The fact is that the mask has become a vital accessory for all navigating in these strange and uncertain times. While a vaccine for covid-19 is still a distant dream, walking with your face covered will be the new normal. Dystopian, but normal. And, since specialists and doctors ask people not to buy N95 models, reserved for health professionals, the handmade production of masks has gained prominence.
Hypeness is listing brands, mostly owned by black men and women, who are selling masks for you to take care of and help others in such a difficult time for society. After all, economics and life cannot be disputed.

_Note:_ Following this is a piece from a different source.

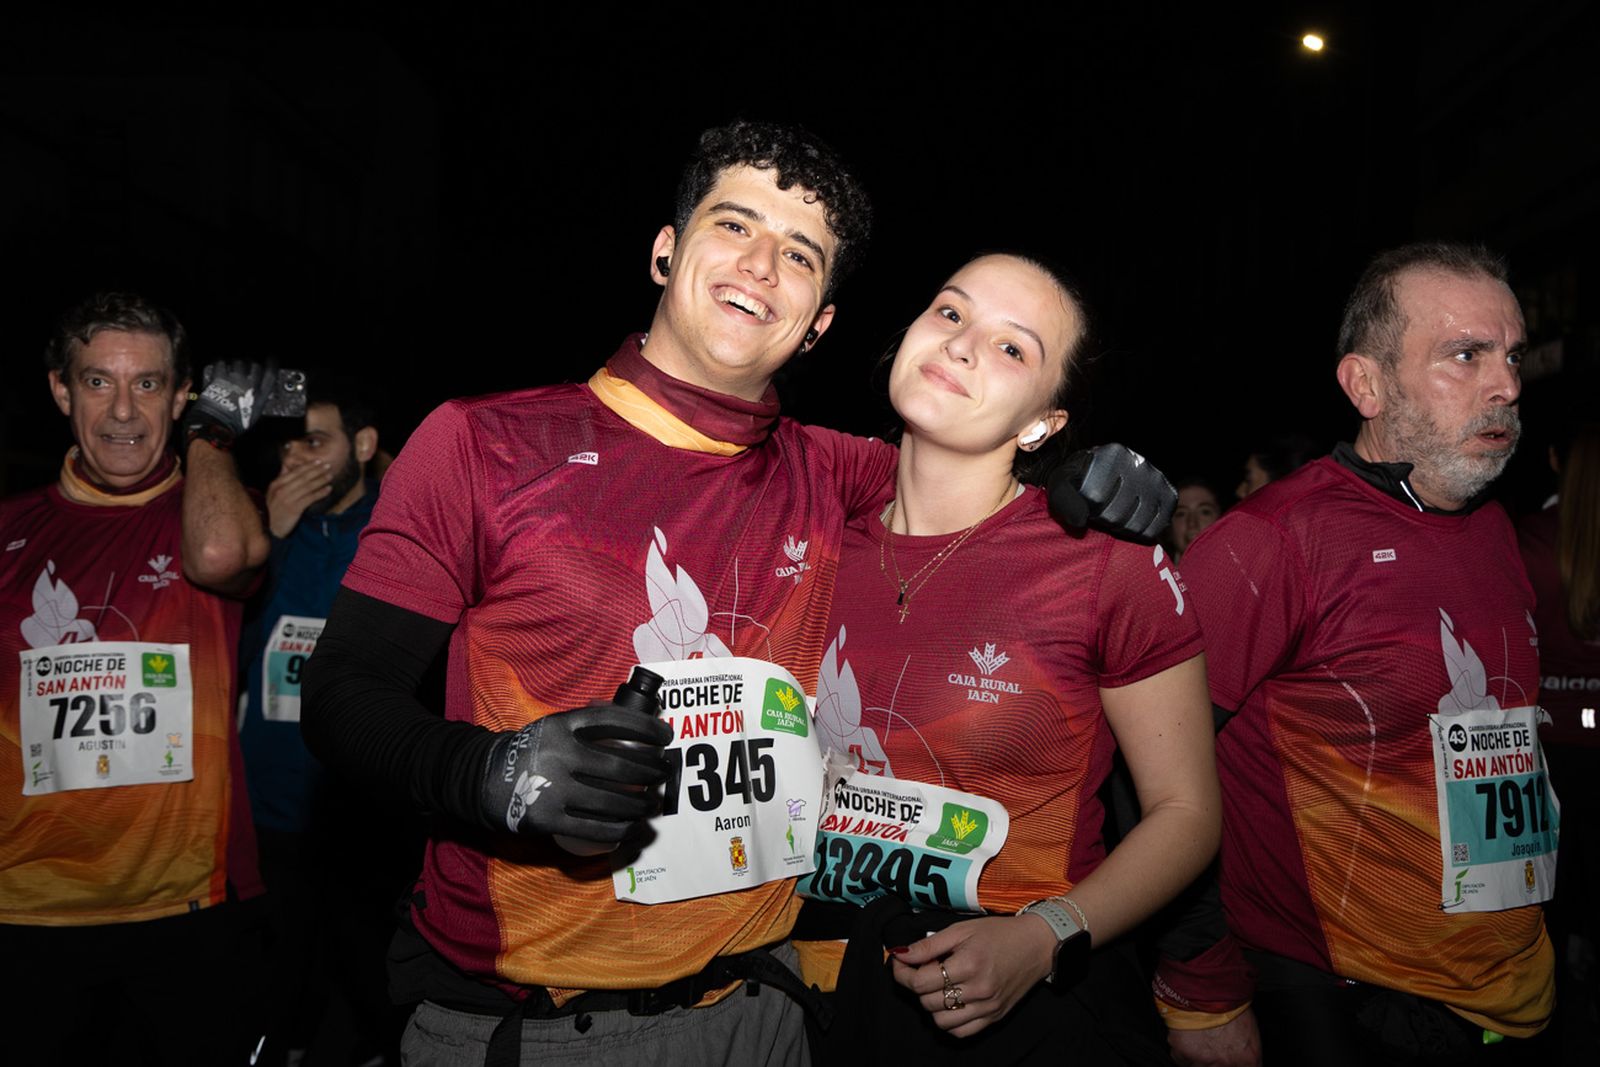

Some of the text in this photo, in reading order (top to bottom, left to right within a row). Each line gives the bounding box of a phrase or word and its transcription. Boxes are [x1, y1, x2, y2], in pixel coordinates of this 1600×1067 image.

The preference for disclosing the work of Afro-Brazilians is due to the finding that this is the group most affected by the covid-19. The Ministry of Health reported that pretos e pardos (blacks and browns) account for 1 in 4 Brazilians who need medical care for Severe Acute Respiratory Syndrome (23.1%). The same group represents 32.8% of deaths – 1 in 3 deaths from coronavirus is of a black person. In other words, this is a group of people who need to balance between the delay in receiving emergency aid from the federal government and the urgency of paying the bills.
1. Ethnic fabrics by Thalita Troise
If you live in São Paulo, you can do business with Thalita. She sells masks with cotton fabrics inspired by the culture of African countries. According to her, the products have three layers of protection and can be reused.
Each mask costs BRL $ 10. There is also the option for the BRL $ 15 model, which has a protection so that the elastic does not hurt the ears. Thalita delivers by mail or by motorboy. Delivery is at the customer’s expense and from BRL $10, delivery is free.
2. Packet of 10
Erica Mbengue came up with a promotion that will please those who don’t like to repeat colors and models. For BRL 60, you take home a package with 10 units – one black and one white, plus eight models inspired by Afro-Brazilian culture for you to combine with a turban or a shirt.
Erica says in the ad that part of the sales proceeds will go to help people at risk. From BRL $ 100 on purchases, freight to São Paulo will cost BRL $ 10.
3. Brecho Bem te Quer
Still in São Paulo, Bem te Quer has black entrepreneurship in its vein. The masks follow the trend of bright colors and are produced with exact measures to ensure effectiveness. Deliveries take place all over Brazil by mail.
4. Lassana Moda
Pernambuco is one of the states with the highest number of coronavirus cases in Brazil. Protection, therefore, is more indispensable than ever. Lassana Moda masks are made by an immigrant from Senegal and can be used for up to a maximum of 2 hours. The models use 100% African cotton fabric in yellow, pink, red, green, blue, white and black. Each model costs BRL $ 7. Detail, the masks are double-sided.
5. Atelier Araka
A curious phenomenon that you may have noticed is that many people who used to make clothes are now producing masks. In Rio Grande do Norte, Ateliê Araka, specialized in the production of clothes used in black religions in Brazil, opened the making of masks. Models with double layer and 100% cotton fabric cost BRL $ 10.
You can learn about other types of masks, in addition to the kit values in the brand’s inbox. What you can’t do is go out on the streets without protection.
The brand inspired by street wear in Rio de Janeiro launched a promotion. ‘Vida pela Vida’ works like this: when buying an ANKH t-shirt with the key to life, the customer receives a gift mask. The piece is sold for BRL $ 59.90.
The Santa Catarina brand specialized in African fabrics has special models for children. The models are inspired by symbols of African culture, such as the baobab tree. Each is sold for BRL $ 5.